She laughed, setting the candle and a book of matches on a table. “You’ll get to open the rest in the morning. Can’t you wait?”

“It depends on how you distract me,” he replied. Without warning, he launched himself at her, knocking her backward unto the couch. He peered down at his captured prey. “Got any ideas?”

“You cheat at cards,” she replied, mischief twinkling in her eyes, “and we’ve already been to Mass.”

“That’s not what I had in mind.”

“Duo, you have a one-track mind, you know that?”

“I know,” he replied. Duo briefly covered her lips with his. “You, babe.”

She sighed blissfully before slowly opening her eyes. “I still have to put the candle in the window.”


“It’s a tradition.”

Groaning, he pushed himself off of her and the couch. Hilde smoothed down her shirt before she retrieved the candle and the matches. She was surprised when Duo followed her to the window.

“So, what’s this tradition all about? The tree’s not enough of a fire hazard?”

Hilde shook her head as she smiled. “It was something my family did. You place a lighted candle in the window on Christmas Eve to offer those who need a place to stay for the night. I guess it was because there was no room in the inn for Mary and her child.”

She shook her head, glancing down at the candle she held in her hand. “It’s stupid. No one really does it anymore. Besides, you’re right. The tree is enough of a fire hazard.”

“No, it’s a nice idea,” Duo said softly. He surprised her by striking the match and lighting the candle. “Traditions are important, Hilde.”

She was touched by the gesture. With a soft smile, she placed the candle in the window. However, she pulled the curtains far enough back that there would be no chance of a fire.

“Merry Christmas, Duo,” she said, wrapping her arms around his neck.

He wrapped his arms around her as well. “Merry Christmas, Hilde.”

* * * * *

The beep of the microwave pulled Hilde from her reverie.

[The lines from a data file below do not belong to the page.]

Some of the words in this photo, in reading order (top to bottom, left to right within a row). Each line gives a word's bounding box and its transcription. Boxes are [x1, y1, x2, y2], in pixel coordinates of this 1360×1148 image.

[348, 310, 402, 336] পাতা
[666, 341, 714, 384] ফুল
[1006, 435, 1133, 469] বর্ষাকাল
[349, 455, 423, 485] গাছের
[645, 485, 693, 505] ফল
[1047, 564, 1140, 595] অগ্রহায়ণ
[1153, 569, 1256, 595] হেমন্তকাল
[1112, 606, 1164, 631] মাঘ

As she left the window and headed back to the kitchen, she wondered what her mother would have thought of her daughter enjoying a frozen dinner alone on Christmas. The woman would have been horrified at the least.

The apartment was silent as she finished preparing her solitary meal. Hilde had turned the holiday music off hours ago. “Have Yourself A Merry Little Christmas” had been the last straw.

‘You could out with Tom tonight,’ Hilde reminded herself, ‘instead of being alone.’

However, she had ended things with Tom a week ago. He was a nice enough guy, but Hilde found herself comparing him to Duo. It would have been unfair to both of them to let it continue on.

Although her dinner sat steaming on the table, she found she was suddenly not hungry. She decided that the food could wait. Shaking her head, she went back to the window to watch the snowfall.

* * * * *

Duo pulled his cap lower as he continued to stare up at the vacant window. ‘Okay, I’ve seen her. I should go home now.’ However, he seemed unable to tear his eyes away.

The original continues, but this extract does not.